Every such sewer connection charge shall bear
interest and penalties from the same time and at the same rate as
assessments for local improvements in the Borough and from the time
of confirmation shall be a first and paramount lien against the respective
property or properties so connected with the sewer to the same extent
as assessments for local improvements and shall be collected and enforced
in the same manner.
No such charge for sewer connections shall be
invalid by reason of any error or omission in stating the name of
the owner or owners of properties affected by such sewer connections,
nor for any other informality, where such property or real estate
has actually been improved by such sewer connection.

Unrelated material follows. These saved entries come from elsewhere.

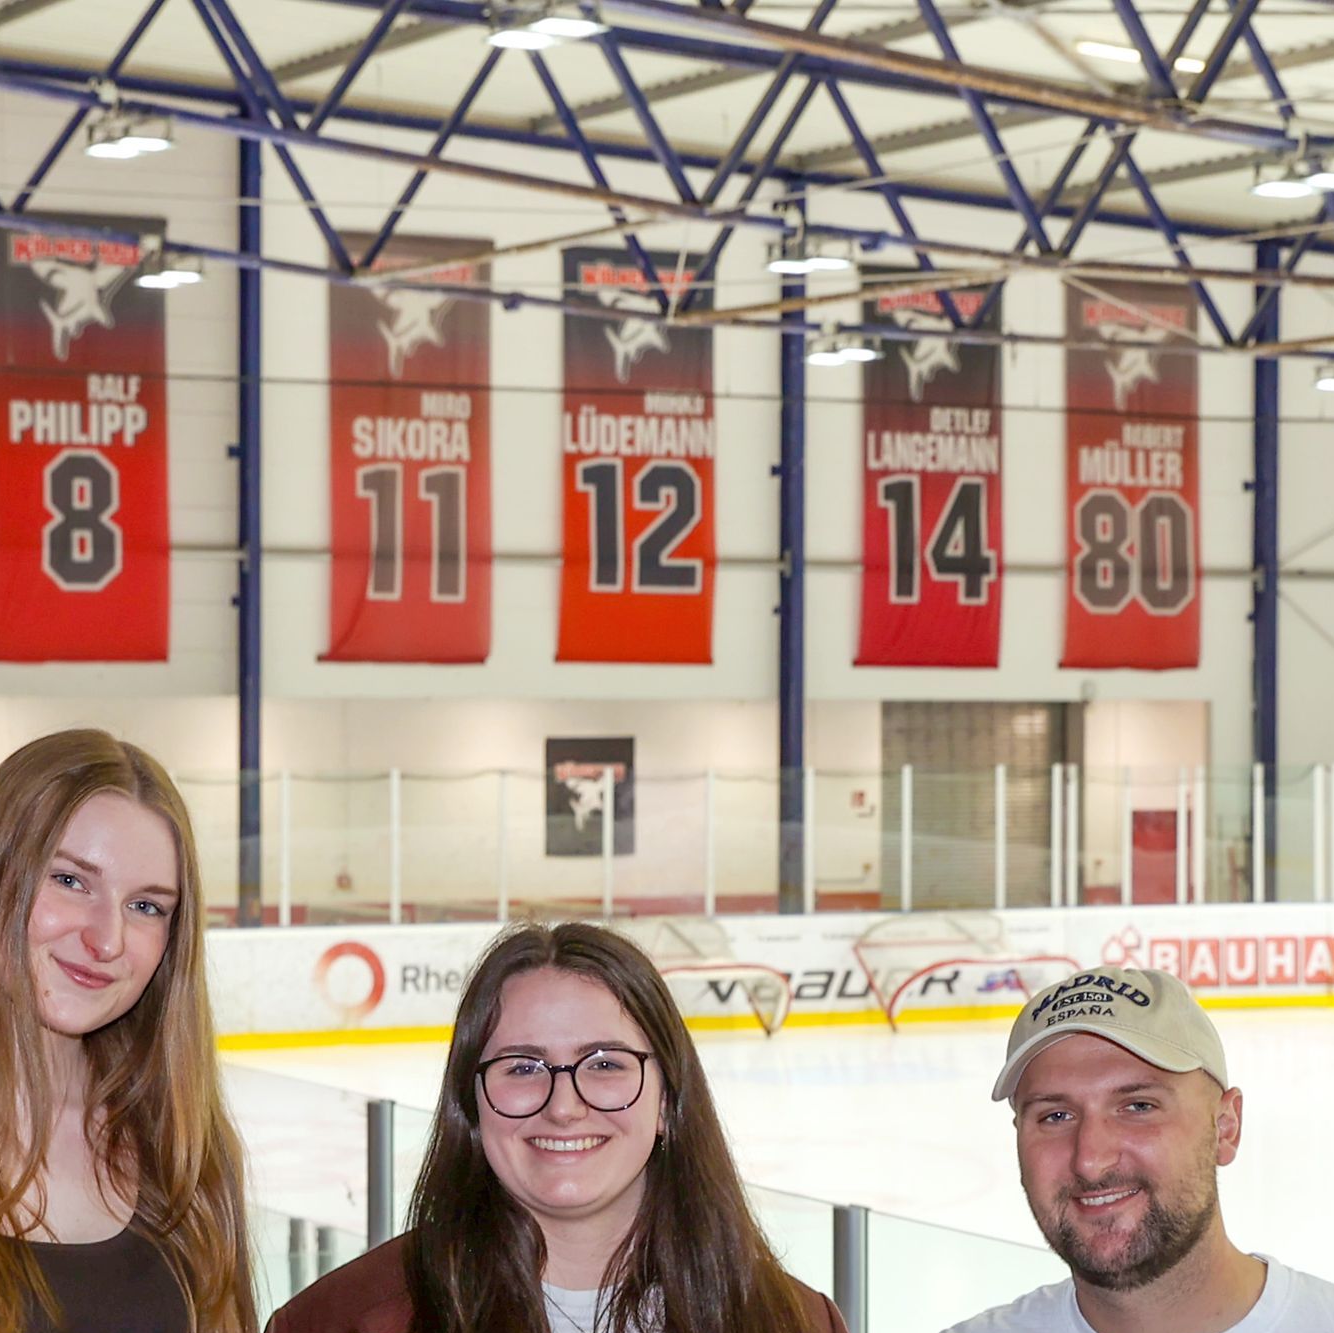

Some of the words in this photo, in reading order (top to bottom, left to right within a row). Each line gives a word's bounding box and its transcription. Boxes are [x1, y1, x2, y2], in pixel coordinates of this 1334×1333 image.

[87, 374, 141, 402] RALF
[420, 392, 472, 419] MIRO
[8, 399, 148, 446] PHILIPP
[352, 417, 471, 462] SIKORA
[563, 405, 714, 458] LÜDEMANN
[868, 430, 1000, 474] LANGEMANN
[1078, 440, 1183, 488] MÜLLER
[42, 448, 123, 592] 8
[356, 462, 466, 602] 11
[575, 457, 703, 594] 12
[877, 474, 997, 606] 14
[1073, 488, 1196, 616] 80
[1031, 974, 1151, 1022] MADRID
[1046, 1004, 1116, 1027] ESPAÑA
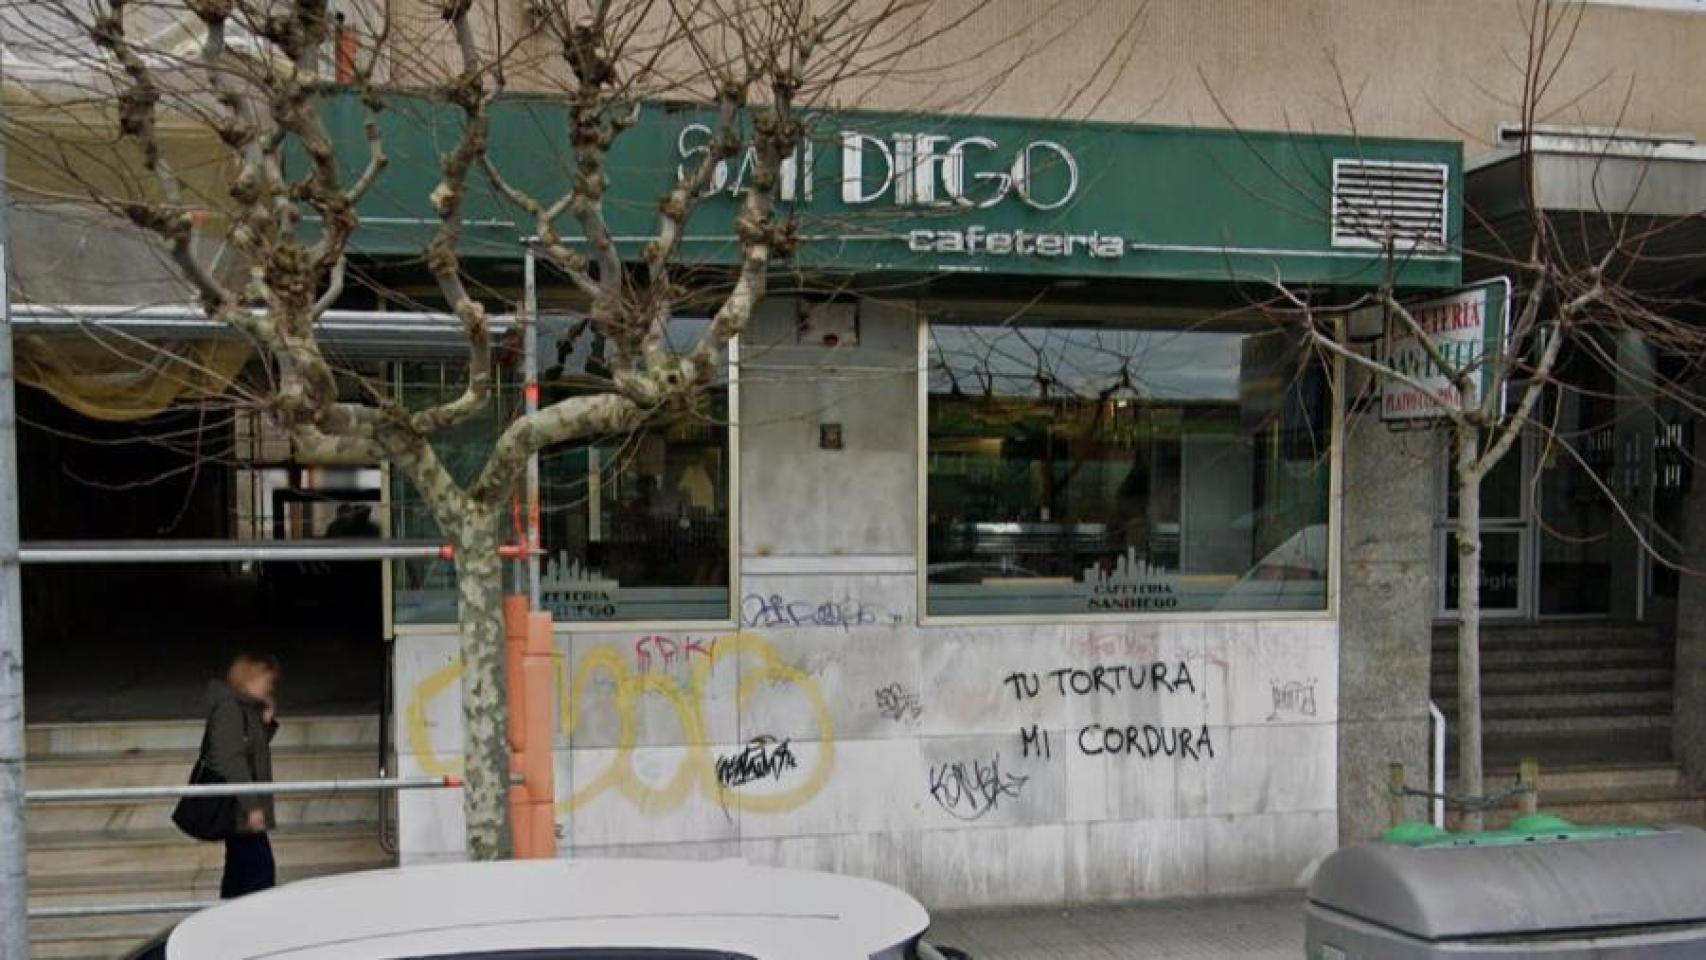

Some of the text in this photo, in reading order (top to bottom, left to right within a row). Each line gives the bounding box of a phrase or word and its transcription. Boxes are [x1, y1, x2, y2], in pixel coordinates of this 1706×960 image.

[842, 131, 1078, 210] DIEGO
[909, 225, 1123, 257] cafeteria
[1004, 661, 1195, 700] TU TORTURA
[1021, 722, 1214, 761] MI CORDURA

[Added 6-20-2000 by Ord. No. 4-2000;
amended 8-16-2000 by Ord. No. 8-2000]
A. In addition to the fees, charges and costs otherwise
set forth or referred to in this chapter, there shall be imposed a
one-time sewer connection fee for each house, building or, in the
case of a multiunit building, for each individual unit, residential
or nonresidential, to be serviced by any new connection to the public
sewer.
B. The purpose of such sewer connection charge is to
provide for a fair payment toward the capital cost of the public sewer
system pursuant to N.J.S.A. 40A:26A-11.
C. The amount of the sewer connection fee shall be as set forth in Chapter
275, Fees.
[Amended 6-20-2001 by Ord. No. 8-2001; 7-17-2002 by Ord. No.
10-2002; 3-19-2003 by Ord. No. 2-2003; 8-20-2008 by Ord. No.
13-2008; 7-21-2014 by Ord. No. 14-2014; 10-15-2014 by Ord. No. 22-2014]
D. The fee shall be paid in full to the Borough prior to the issuance
of a certificate of occupancy for the unit to which it applies or
at such time as the redevelopment agreement by and between the Borough
and a redeveloper shall dictate. The payment of said sewer connection
fee shall be a condition to the issuance of any certificate of occupancy.
In the event that a connection is made without prior payment of the
sewer connection fee for any reason, unless otherwise permitted pursuant
to a redevelopment agreement, the sewer connection fee shall constitute
a first lien upon the benefited property and shall bear interest as
set forth in N.J.S.A. 40A:26A-12 and as otherwise provided by law.
This shall be in addition to any violations, penalties or other remedies
otherwise provided for. For the purposes of this section, “redevelopment
agreement” shall mean a contract for the planning, replanning,
construction, or undertaking of any project or redevelopment work,
or any part thereof as set forth in N.J.S.A. 40A:12A-8(f).
[Amended 5-18-2016 by Ord. No. 9-2016; 7-13-2016 by Ord. No. 9-2016; 2-20-2019 by Ord. No. 2-2019]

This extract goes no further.